[What is needed]
Would you return each entry exactly as written, omitting any pictures?

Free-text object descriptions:
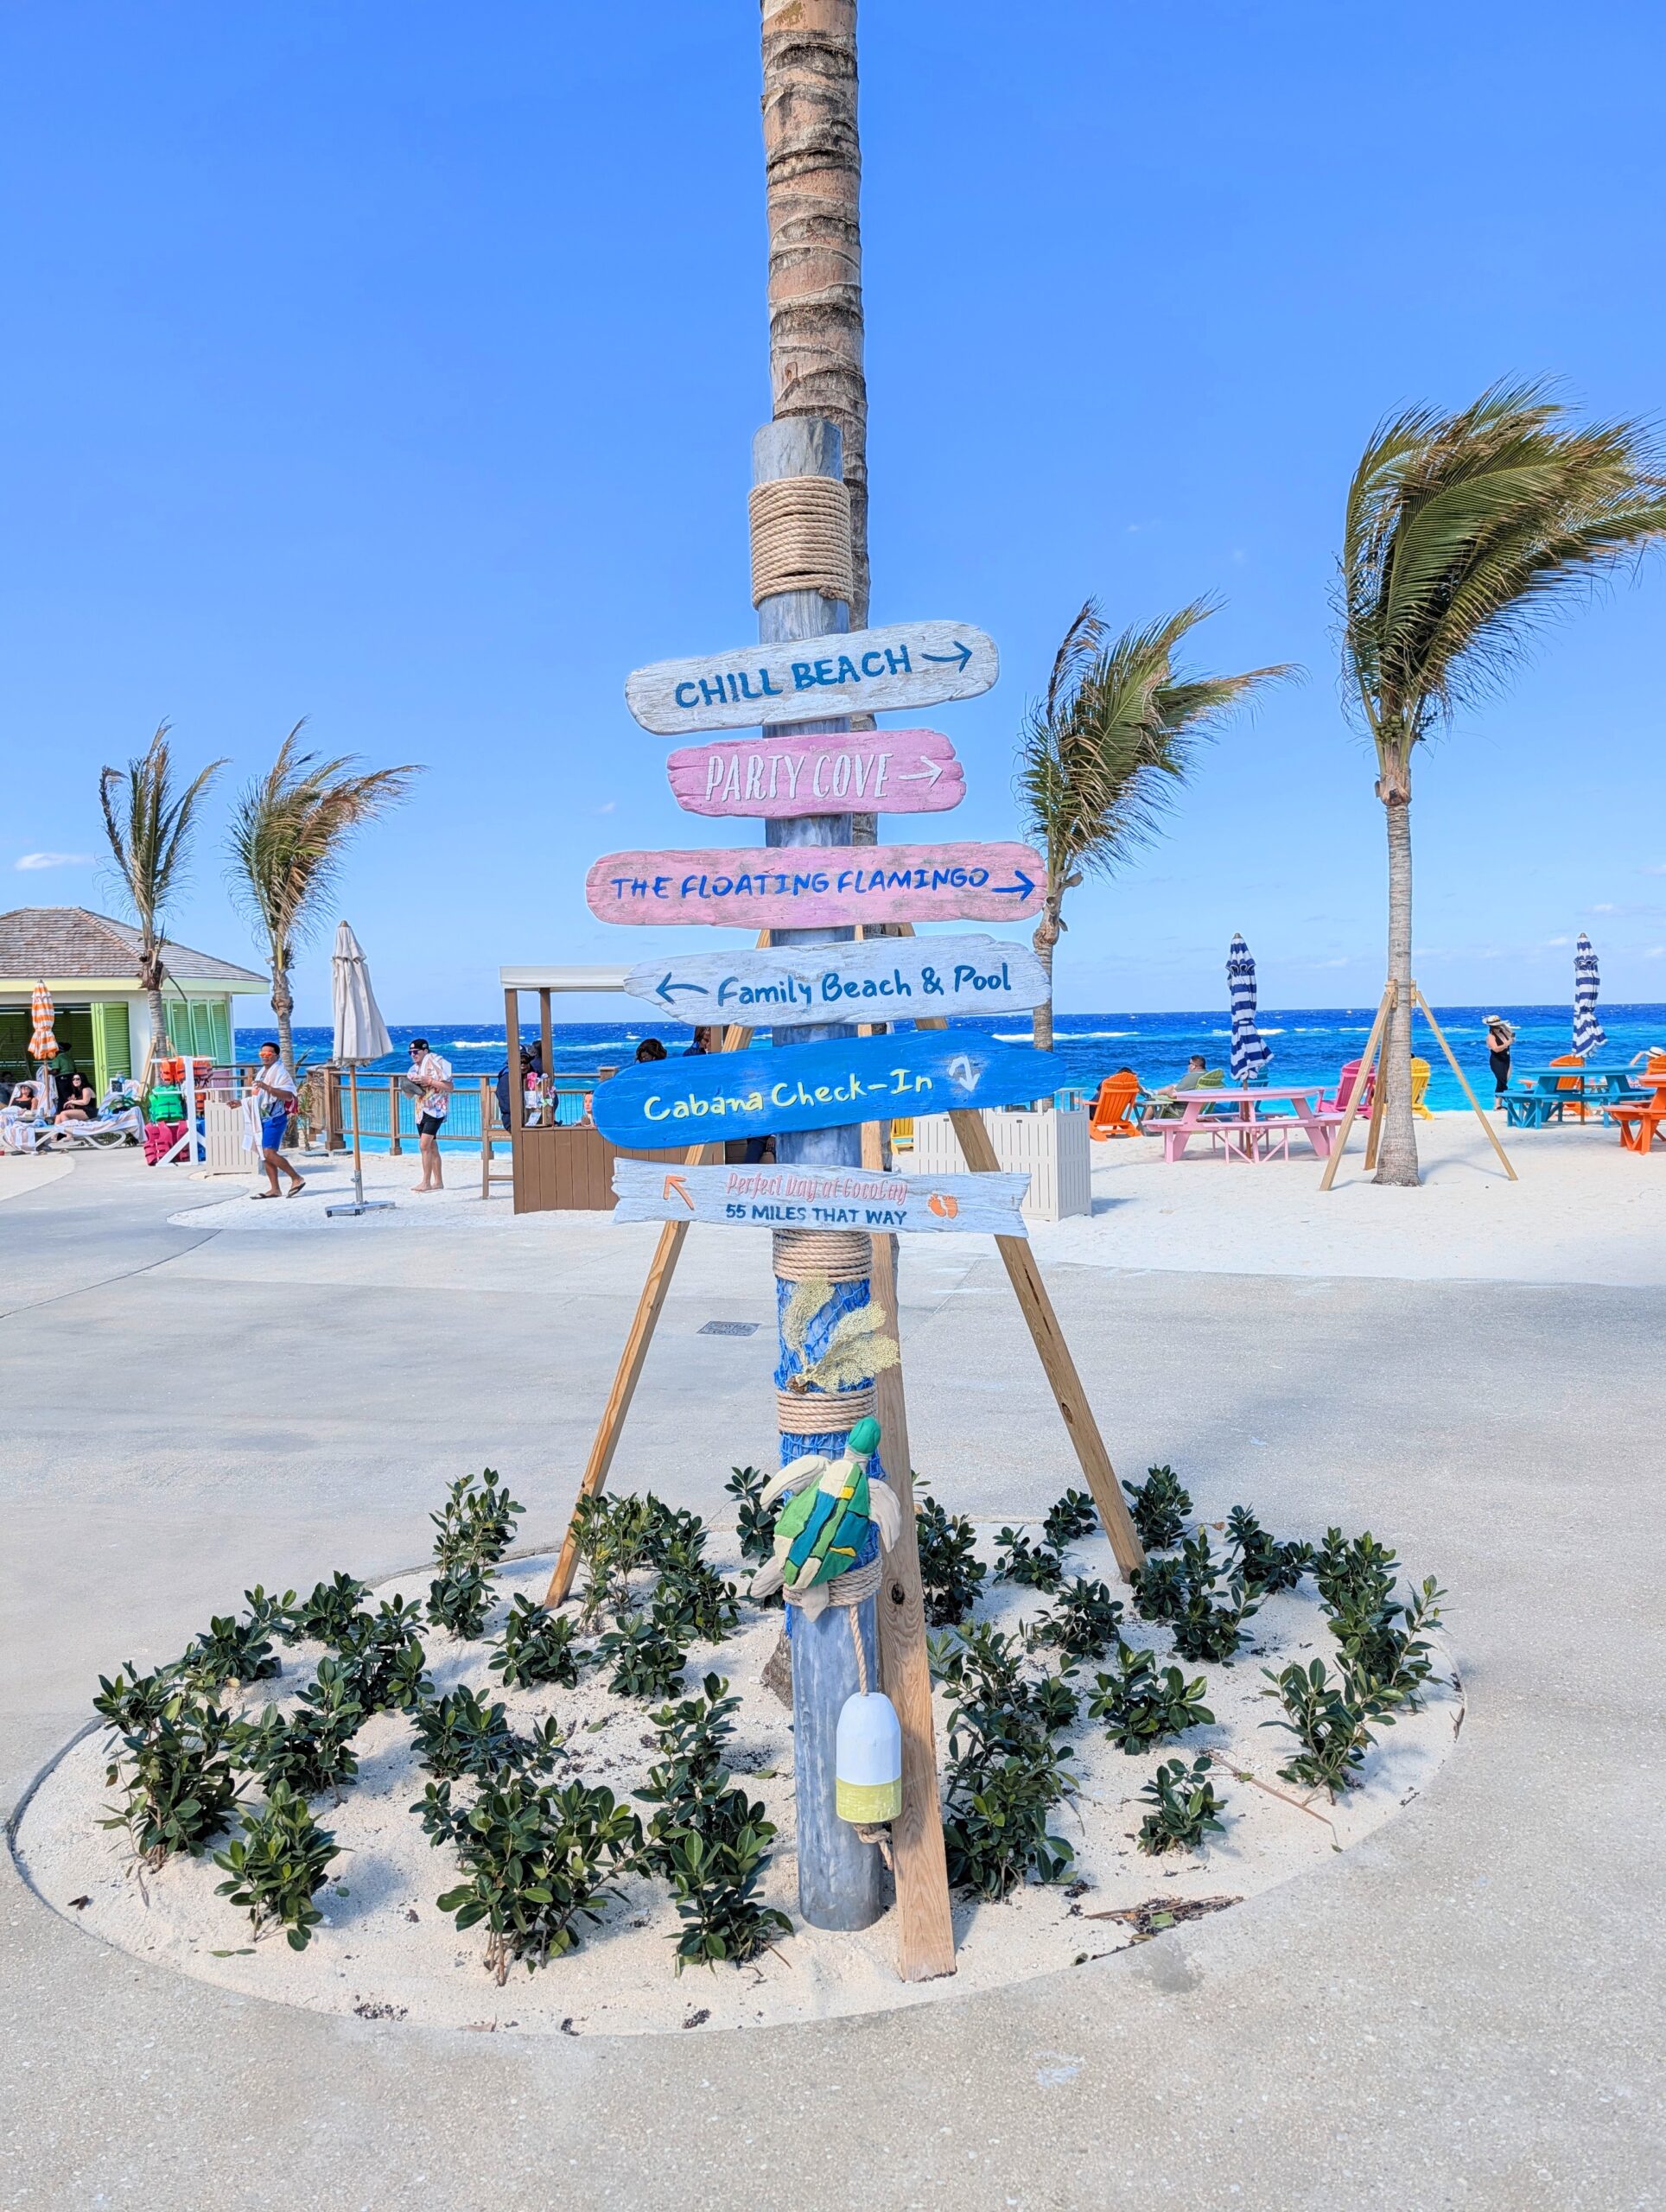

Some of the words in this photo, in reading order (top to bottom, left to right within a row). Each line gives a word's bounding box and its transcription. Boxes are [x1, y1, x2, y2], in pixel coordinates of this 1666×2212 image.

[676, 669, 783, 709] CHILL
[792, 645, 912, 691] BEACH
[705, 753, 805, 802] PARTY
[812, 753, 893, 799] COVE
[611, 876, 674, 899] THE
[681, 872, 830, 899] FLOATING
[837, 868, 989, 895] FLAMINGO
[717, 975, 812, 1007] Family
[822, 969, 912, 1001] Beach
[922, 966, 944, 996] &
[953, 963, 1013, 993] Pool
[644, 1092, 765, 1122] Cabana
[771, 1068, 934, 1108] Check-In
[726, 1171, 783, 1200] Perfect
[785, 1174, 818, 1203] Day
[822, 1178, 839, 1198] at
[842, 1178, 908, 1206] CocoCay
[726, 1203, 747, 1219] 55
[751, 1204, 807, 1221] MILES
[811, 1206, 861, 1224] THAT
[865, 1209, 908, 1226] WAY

[Your solution]
Some of the words in this photo, in reading order (top to bottom, left to right within a row). Each line gives a word's bounding box and its transcription. Boxes are [x1, y1, x2, y2], in pixel coordinates of this 1666×2212 image.

[676, 669, 783, 709] CHILL
[792, 645, 912, 691] BEACH
[705, 753, 805, 802] PARTY
[812, 753, 893, 799] COVE
[611, 876, 674, 899] THE
[681, 872, 830, 899] FLOATING
[837, 868, 989, 895] FLAMINGO
[717, 975, 812, 1007] Family
[822, 969, 912, 1001] Beach
[922, 966, 944, 996] &
[953, 963, 1013, 993] Pool
[644, 1092, 765, 1122] Cabana
[771, 1068, 934, 1108] Check-In
[726, 1171, 783, 1200] Perfect
[785, 1174, 818, 1203] Day
[822, 1178, 839, 1198] at
[842, 1178, 908, 1206] CocoCay
[726, 1203, 747, 1219] 55
[751, 1204, 807, 1221] MILES
[811, 1206, 861, 1224] THAT
[865, 1209, 908, 1226] WAY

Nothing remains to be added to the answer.